La lentitud de los hombres
Pasa que más allá de los peligros (políticos, económicos, tecnológicos de la época), hay a la base de toda esta cuestión una experiencia humana, profundamente arraigada, aunque muchas veces negada. Se trata del tiempo que necesitamos para madurar esos aspectos fundamentales de nuestra vida: la amistad, el amor, el crecimiento de nuestros hijos, las respuestas a las preguntas más fundamentales de nuestra existencia, etc.
Como pasa con el quebracho, una motosierra nos puede liquidar en minutos. Se pueden intentar soluciones técnicas de dudosas consecuencias, pero nunca se podrá reemplazar la calma, el devenir del tiempo, la madurez, el sentido de propósito.

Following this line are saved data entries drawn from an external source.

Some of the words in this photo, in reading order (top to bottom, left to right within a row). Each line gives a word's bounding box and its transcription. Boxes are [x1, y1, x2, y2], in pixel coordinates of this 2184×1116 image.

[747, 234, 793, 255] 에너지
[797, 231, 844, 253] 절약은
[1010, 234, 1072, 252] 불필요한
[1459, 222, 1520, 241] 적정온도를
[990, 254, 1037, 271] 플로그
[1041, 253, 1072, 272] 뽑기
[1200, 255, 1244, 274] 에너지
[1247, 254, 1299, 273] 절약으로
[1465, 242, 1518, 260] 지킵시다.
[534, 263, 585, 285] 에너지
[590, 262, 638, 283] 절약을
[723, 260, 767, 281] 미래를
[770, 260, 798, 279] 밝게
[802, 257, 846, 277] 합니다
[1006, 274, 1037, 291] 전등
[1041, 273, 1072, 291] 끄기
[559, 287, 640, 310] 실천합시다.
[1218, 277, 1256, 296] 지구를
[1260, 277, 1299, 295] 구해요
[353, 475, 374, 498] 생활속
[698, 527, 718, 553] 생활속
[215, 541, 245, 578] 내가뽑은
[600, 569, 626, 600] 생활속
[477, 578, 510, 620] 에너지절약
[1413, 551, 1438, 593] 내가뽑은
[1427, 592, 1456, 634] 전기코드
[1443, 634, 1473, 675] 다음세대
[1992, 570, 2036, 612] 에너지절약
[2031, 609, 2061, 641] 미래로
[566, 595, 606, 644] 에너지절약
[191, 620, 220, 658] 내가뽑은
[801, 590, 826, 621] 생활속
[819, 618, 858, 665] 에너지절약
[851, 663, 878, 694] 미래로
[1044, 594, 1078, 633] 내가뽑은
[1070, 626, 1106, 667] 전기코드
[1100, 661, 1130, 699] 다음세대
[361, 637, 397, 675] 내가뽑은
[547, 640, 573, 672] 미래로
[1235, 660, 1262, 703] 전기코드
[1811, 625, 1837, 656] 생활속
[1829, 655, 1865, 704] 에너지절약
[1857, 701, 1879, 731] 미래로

Hace falta tiempo. Los seres humanos, al igual que tantos otros seres vivos, necesitamos tiempo. Y tiempo es lo que no hay.
Hartmut Rosa ha analizado la velocidad de los modos de aceleración desde la modernidad (de tecnologías, cambios sociales y ritmo de vida). Cada vez más rápidas son nuestras interacciones sociales, movimientos y relaciones laborales. Hay comida rápida, moda rápida, lecturas rápidas. Parecía que esa separación de los ritmos lentos de otras épocas nos iba a liberar tiempo para nosotros, para cultivar nuestras amistades, para “perderlo” con nuestros hijos en un “dolce far niente”. Pero no. Se siente que, si nos detenemos, caemos al perder la inercia.
De nuevo el sentido
Para volver a Heidegger, él usa la palabra “éxtasis” para explicar el tiempo. No hay que pensar en un arrobo místico, fusión o pérdida de conciencia. Sino en una unidad de lo que fuimos, somos y seremos, no como momentos distintos sino como modos en que nos arrojamos, salimos al tiempo, entrelazándolos. Es un horizonte que nos permite una unidad.
Pero esa unidad se da al prestar atención al “por mor de qué” (para usar una traducción habitual, que suena rara en castellano argento). Qué sentido, a qué apuntamos, hacia dónde dirigimos el tiempo que somos, y por qué.
Es sabido que Heidegger sostiene que nuestra existencia se lee a la luz de nuestro “ser para la muerte”. También se sabe que Levinas le replica que somos “para más allá de la muerte”, en tanto nuestra responsabilidad excede el tiempo de nuestra vida.
Atención al tiempo, demora persistente en la atención, atención al cuidado que permite crecer en el tiempo, atención a los riesgos y a las necesidades de ese crecimiento, son ciertamente contraculturales hoy. A menos que esta velocidad presente se pregunte por su sentido y el tiempo que necesita.